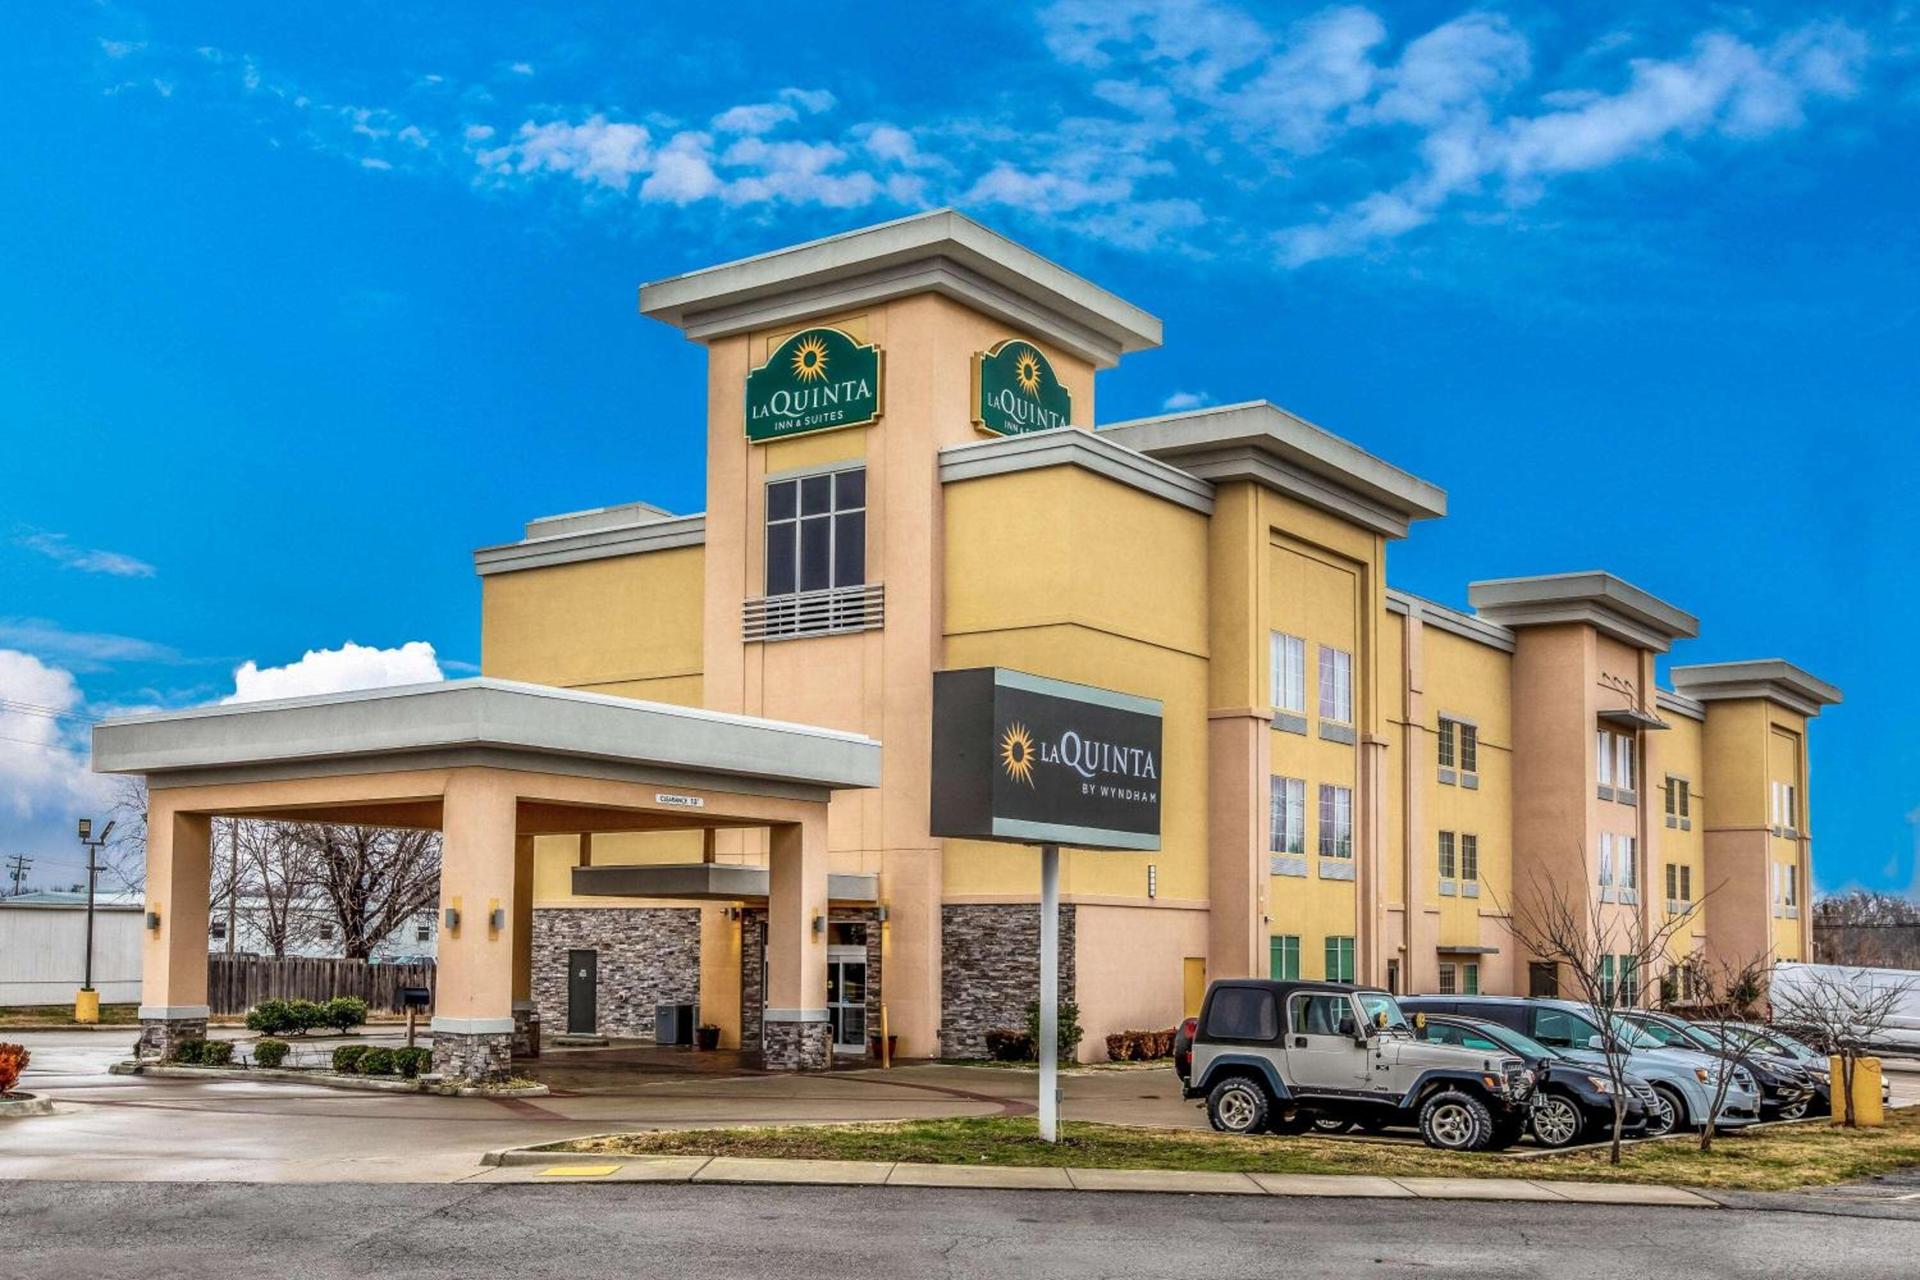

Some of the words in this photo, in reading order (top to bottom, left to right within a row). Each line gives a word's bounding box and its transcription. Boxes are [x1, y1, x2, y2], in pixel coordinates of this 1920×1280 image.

[770, 378, 872, 417] QUINTA
[774, 419, 793, 431] INN
[795, 419, 801, 427] &
[804, 410, 844, 426] SUITES
[1004, 419, 1019, 433] INN
[1060, 731, 1157, 779] QUINTA
[1082, 783, 1096, 795] BY
[1100, 785, 1157, 804] WYNDHAM
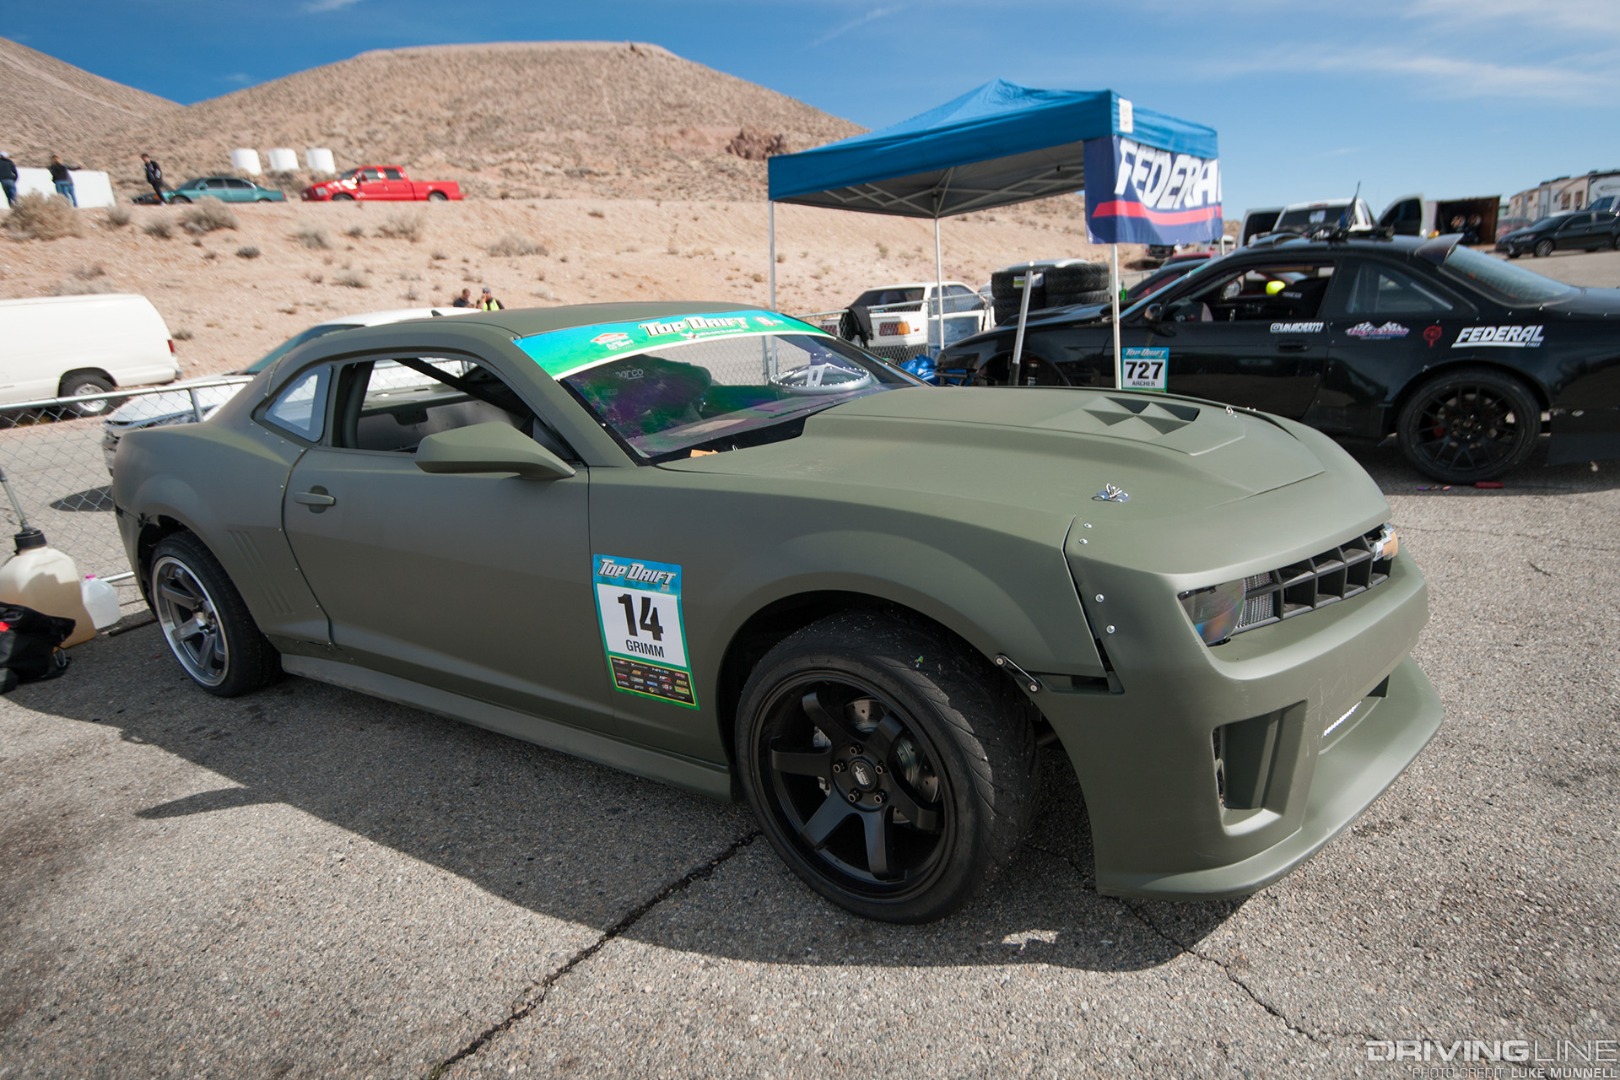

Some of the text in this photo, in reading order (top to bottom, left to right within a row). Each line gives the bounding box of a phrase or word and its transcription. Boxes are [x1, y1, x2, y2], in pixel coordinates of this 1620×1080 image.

[1114, 138, 1222, 210] FEDERA
[1456, 325, 1545, 342] FEDERAL
[1125, 361, 1163, 379] 727
[617, 593, 664, 641] 14
[625, 639, 665, 658] GRIMM
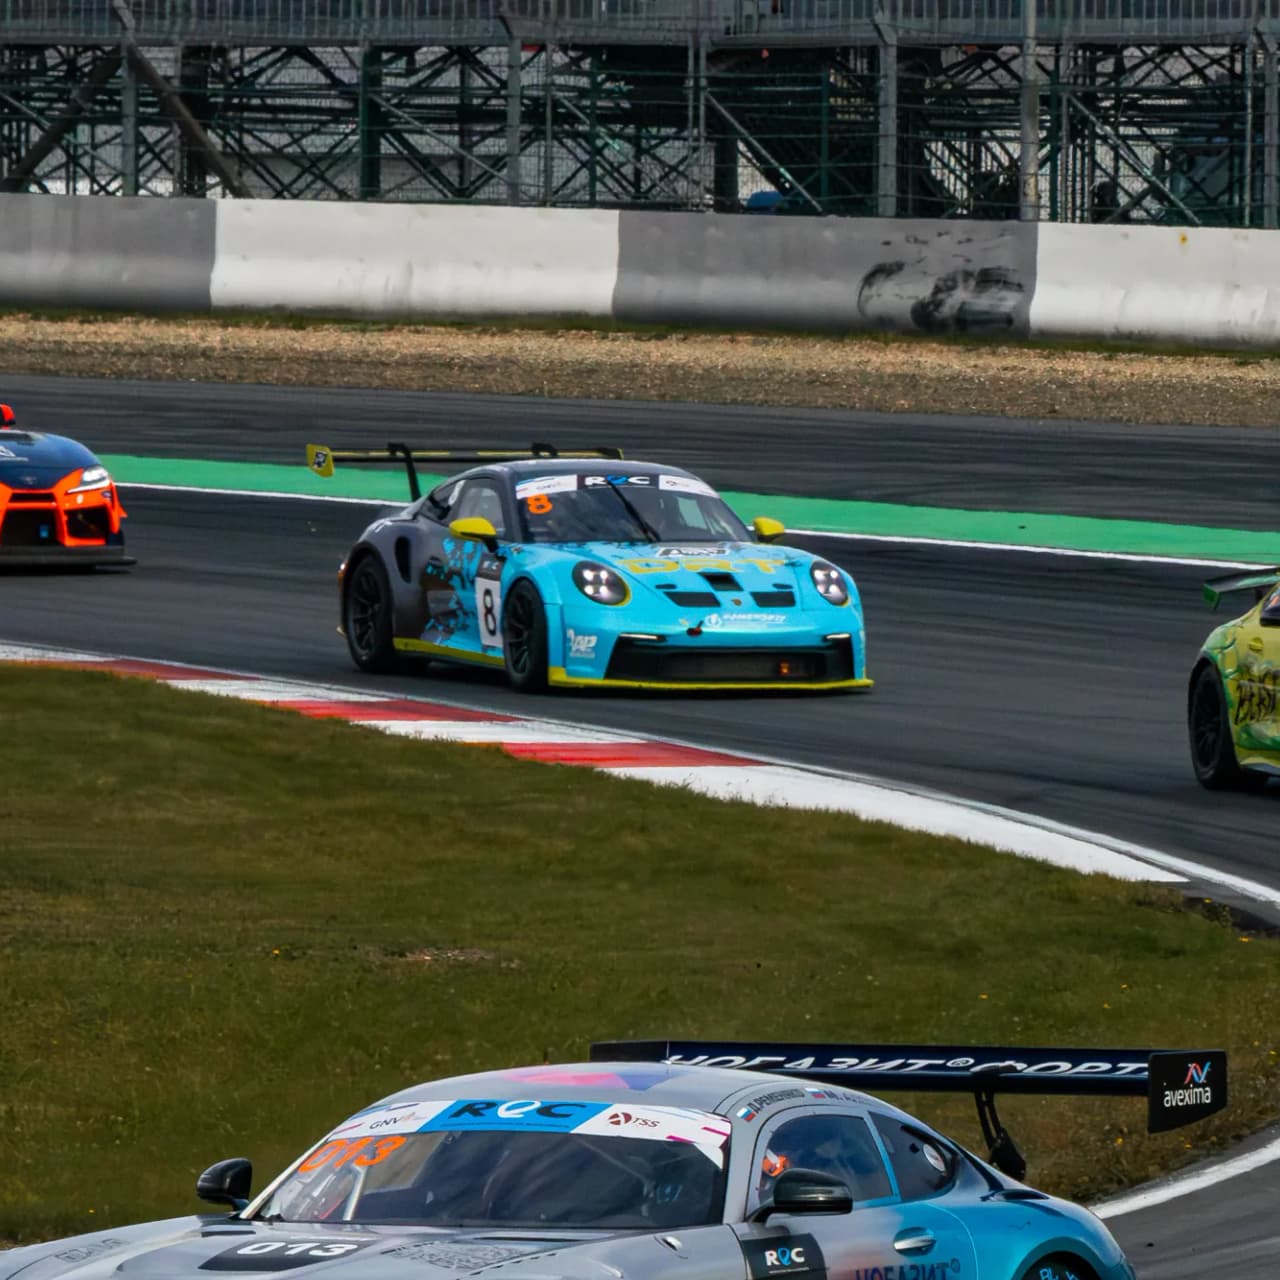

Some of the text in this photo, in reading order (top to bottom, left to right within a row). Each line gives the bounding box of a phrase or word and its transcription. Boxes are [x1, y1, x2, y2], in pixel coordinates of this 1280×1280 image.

[527, 494, 553, 514] 8
[483, 588, 496, 636] 8
[1164, 1084, 1211, 1107] avexima
[370, 1117, 401, 1130] GNV
[632, 1115, 660, 1128] TSS
[298, 1135, 407, 1173] 013
[237, 1242, 358, 1256] 013
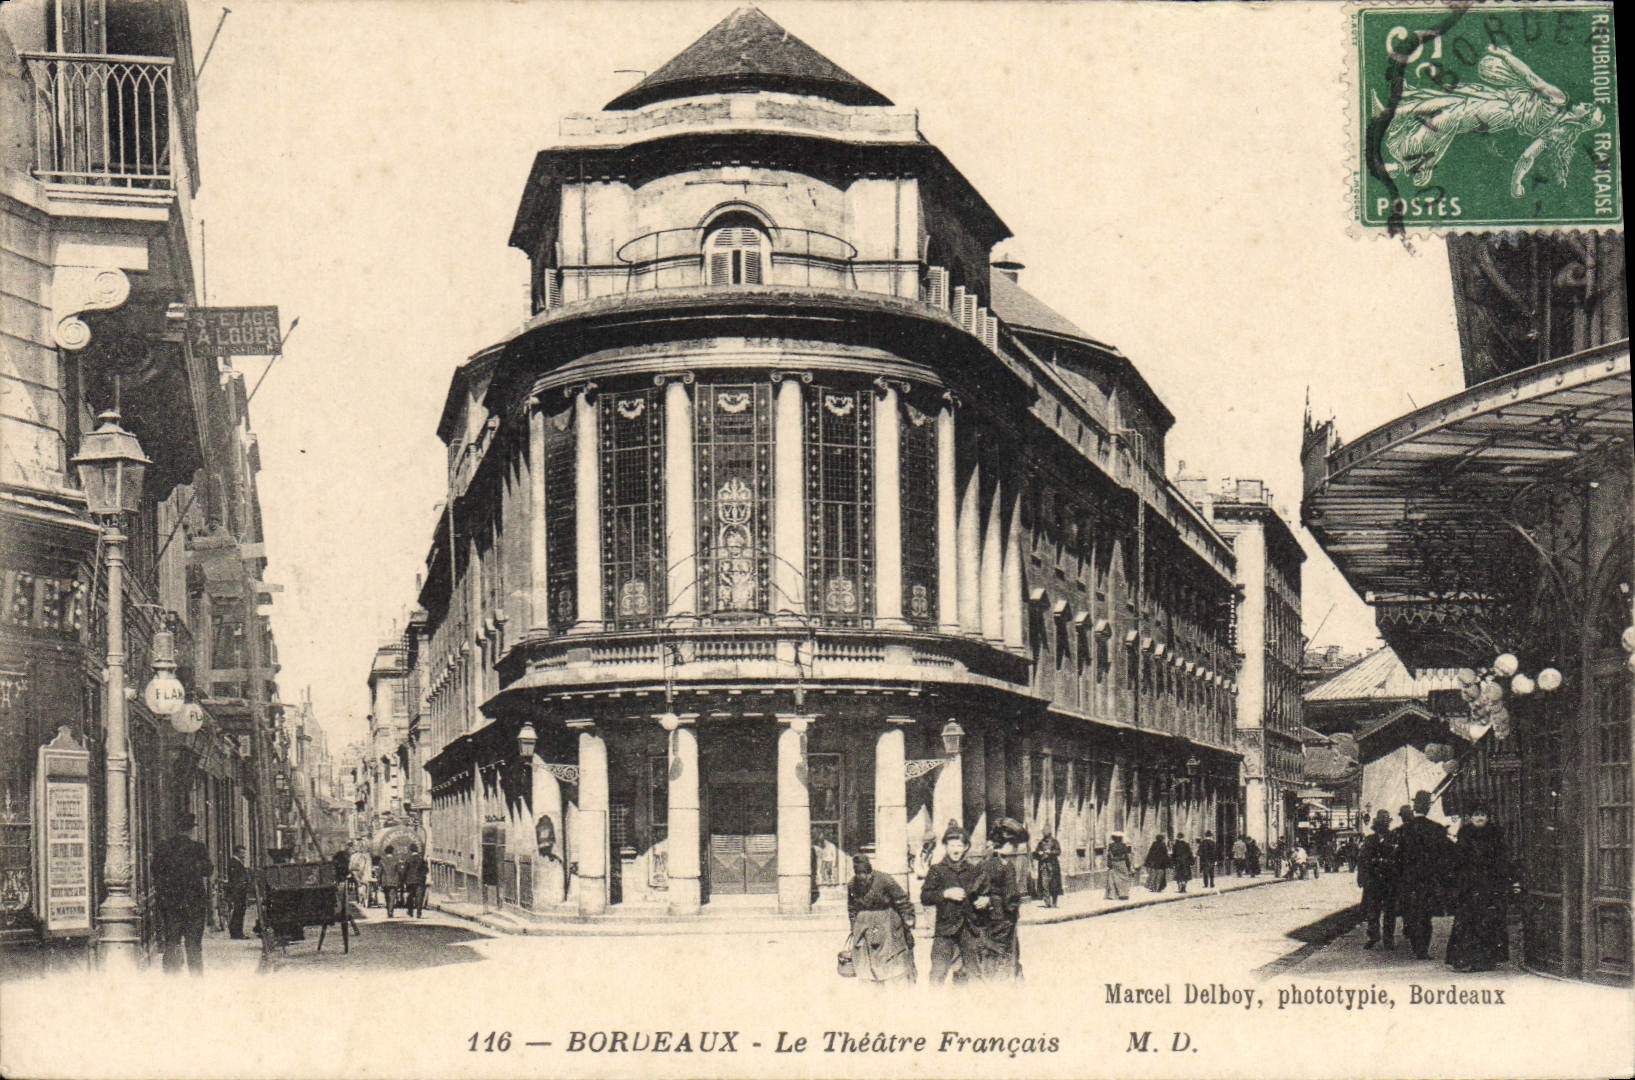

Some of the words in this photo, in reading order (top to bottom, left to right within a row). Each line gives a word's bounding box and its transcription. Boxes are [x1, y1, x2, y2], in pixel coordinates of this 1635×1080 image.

[1590, 14, 1611, 104] REPUBLIQUE
[1376, 196, 1462, 217] POSTES
[217, 325, 280, 346] LOUER

== == ==

Task instructions
Reproduce all of the data exactly, omitting each picture it holds.

Answer area
Some of the words in this photo, in reading order (top to bottom, left to right within a row). Each line gives a word's bounding box and its transcription. Boxes are [x1, y1, x2, y2], in pixel coordinates of this 1920×1280 image.

[770, 378, 872, 417] QUINTA
[774, 419, 793, 431] INN
[795, 419, 801, 427] &
[804, 410, 844, 426] SUITES
[1004, 419, 1019, 433] INN
[1060, 731, 1157, 779] QUINTA
[1082, 783, 1096, 795] BY
[1100, 785, 1157, 804] WYNDHAM

Some of the text in this photo, in reading order (top to bottom, left to right within a row). Each line gives the bounding box of a phrase or word and its transcription. Boxes are [x1, y1, x2, y2], in pixel coordinates of this 1620×1080 image.

[1114, 138, 1222, 210] FEDERA
[1456, 325, 1545, 342] FEDERAL
[1125, 361, 1163, 379] 727
[617, 593, 664, 641] 14
[625, 639, 665, 658] GRIMM

Some of the text in this photo, in reading order (top to bottom, left to right within a row). Each line gives the bounding box of a phrase or word and its transcription. Boxes are [x1, y1, x2, y2], in pixel coordinates of this 1280×1280 image.

[527, 494, 553, 514] 8
[483, 588, 496, 636] 8
[1164, 1084, 1211, 1107] avexima
[370, 1117, 401, 1130] GNV
[632, 1115, 660, 1128] TSS
[298, 1135, 407, 1173] 013
[237, 1242, 358, 1256] 013

Some of the words in this photo, in reading order (top to bottom, left to right within a row). Each line gives a word's bounding box and its transcription. Boxes are [x1, y1, x2, y2], in pixel coordinates of this 1635×1080 image.

[1590, 14, 1611, 104] REPUBLIQUE
[1376, 196, 1462, 217] POSTES
[217, 325, 280, 346] LOUER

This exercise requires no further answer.